Published: 8:13AM Tuesday January 06, 2009
Source: Reuters
Source: ReutersIsraeli soldiers stand near a mobile artillery unit positioned just outside the northern Gaza Strip
Israel moved forces into a southern Gaza town on Wednesday and demanded Hamas be prevented from rearming as a main condition for a ceasefire in an 11-day-old conflict in which hundreds of Palestinians have been killed.
"That is the make-or-break issue," Mark Regev, a spokesman for Israeli Prime Minister Ehud Olmert said about ensuring an end to weapons smuggling along the Gaza-Egypt frontier.
A senior Israeli official said French President Nicolas Sarkozy, on a Middle East visit and in partnership with Egypt, was pursuing "a serious initiative" for a ceasefire.
"We are now working on something concrete," the official said, disclosing talks on the size of an "international presence" along the blockaded Gaza-Egypt border, where Israel wants to stop rockets and other weapons from reaching Hamas through tunnels.
While the ceasefire efforts gathered speed, an Israeli air strike killed three Palestinians in a school run by the United Nations Relief and Works Agency in the Gaza Strip where people had sought refuge from the fighting, medical officials said.
An Israeli tank shell killed three Israeli soldiers and wounded 24 other troops on Tuesday, in "friendly fire" that raised questions in the Jewish state over whether its leaders should press on with the crushing offensive.
An Israeli officer was killed in a separate incident, apparently also by Israeli fire, the army said.
Palestinian witnesses said Israeli forces pushed into Khan Younis in southern Gaza as the army widened the ground assault it launched four days ago against Hamas militants after a week of air strikes failed to stamp out cross-border rocket fire.
There was intense fighting overnight on the outskirts of the city of Gaza, where residents huddled indoors in fear. Deaths recorded by Palestinian medics reached 574.
Most of the several dozen deaths reported by hospitals in the Hamas-run Gaza Strip in recent days have been civilians.
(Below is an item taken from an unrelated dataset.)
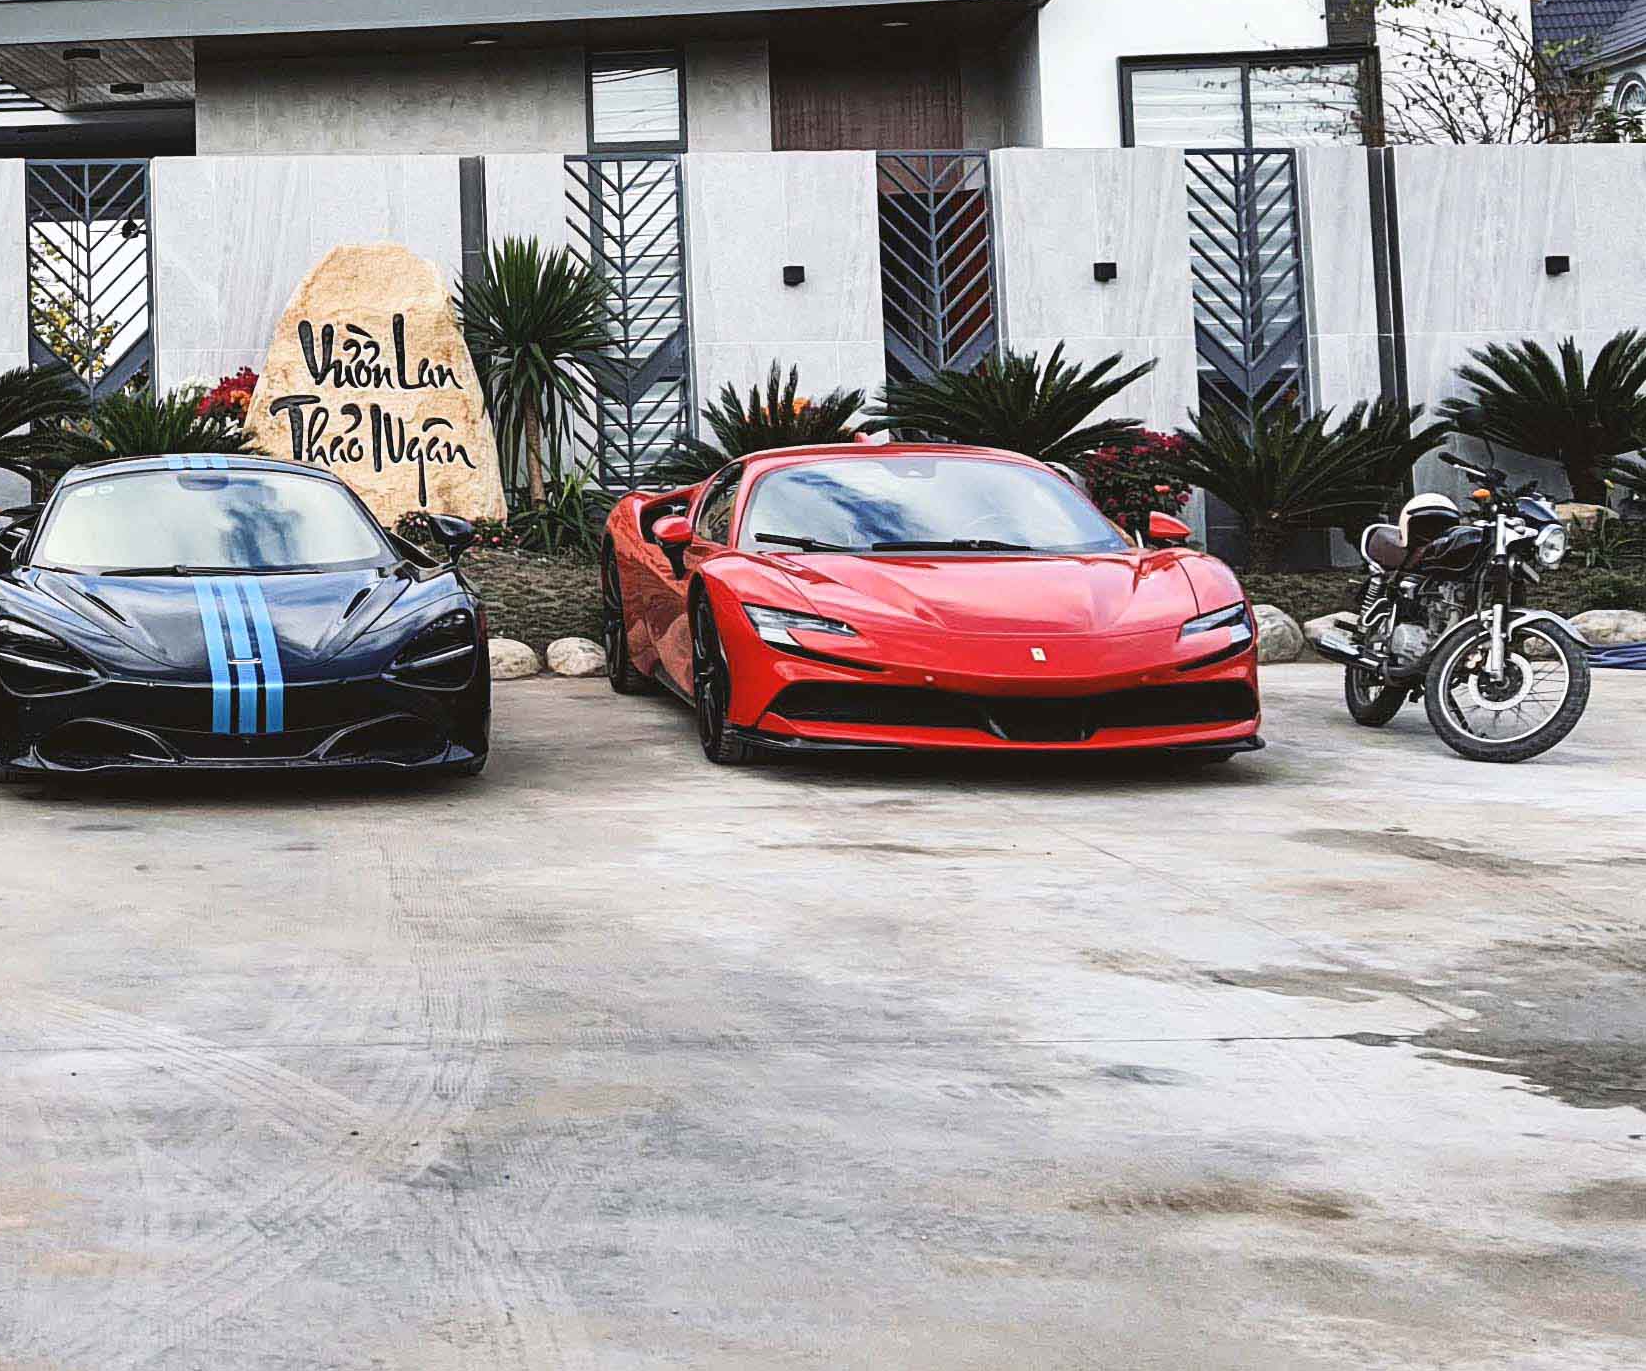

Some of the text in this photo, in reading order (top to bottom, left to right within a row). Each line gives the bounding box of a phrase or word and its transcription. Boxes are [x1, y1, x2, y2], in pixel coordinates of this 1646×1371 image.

[393, 313, 463, 389] Lan
[269, 394, 476, 507] Thảo Ngân
The Israeli military said it killed 130 militants since Saturday, a figure that suggested the total Palestinian death toll since December 27 might be close to 700 and that bodies could still be on the battlefield.
Many of the Gaza Strip's 1.5 million people lack food, water or power. In southern Israel, schools remained closed and hundreds of thousands of people have been rushing to shelter at the sound of alarms heralding incoming rockets.
Palestinian medics, reporting on casualties before the deaths at the UN school, said 23 Palestinian civilians were killed on Tuesday, including 10 people who were hit by naval shells along the beach in the central Gaza Strip.
Two militants were also killed in fighting.
Nine Israelis, including three civilians hit in Palestinian rocket attacks, have been killed in the conflict.
At least five rockets fired from the Gaza Strip landed in Israel on Wednesday, including one that hit the town of Gadera, 28 km from Tel Aviv, police said. A three-year-old girl was wounded.
Ceasefire
Regev said Hamas, which seized the Gaza Strip from the rival Fatah group in 2007, used the previous six-month ceasefire brokered by Cairo to double the range of its rockets from 20 km to 40 km.
Hamas has demanded a lifting of Israel's blockade of Gaza in any future ceasefire.
Israel's military, describing Monday's shelling of an Israeli force by an Israeli tank, said soldiers from the Golani infantry brigade were hit while occupying a building in the northern Gaza Strip.
The brigade's commander, a colonel, was among the wounded.
The incident caused the military's highest casualty toll since Israel launched its "Operation Cast Lead" offensive against Hamas.
"This time, we cast lead on ourselves," said a commentator on Israeli Army Radio, who in an interview with a senior Defence Ministry official questioned whether the operation was achieving its declared goal of halting Hamas rockets, noting there has been little let-up in cross-border fire on Israeli towns.
Columnist Amos Harel, writing in Israel's Haaretz newspaper, said the death of the three Golani brigade soldiers was "a significant first achievement" from Hamas's perspective.
"For the first time, Israeli TV broadcasts raised the question of whether it was worthwhile for the operation to continue," Harel wrote.
Israel launched the current offensive after Hamas called off the six-month truce last month and stepped up cross-border rocket attacks in response to Israeli raids and a blockade of the Gaza Strip.
Israel, whose leaders fight a parliamentary poll on Febuary 10, made clear its priority was securing the safety of its citizens. But heavy Israeli casualties could erode strong public support for the operation.
Israel pulled its troops and more than 8,000 settlers out of Gaza in 2005 after 38 years of occupation in a move that many at the time hoped would lead to a breakthrough for relations between Israel and the Palestinians.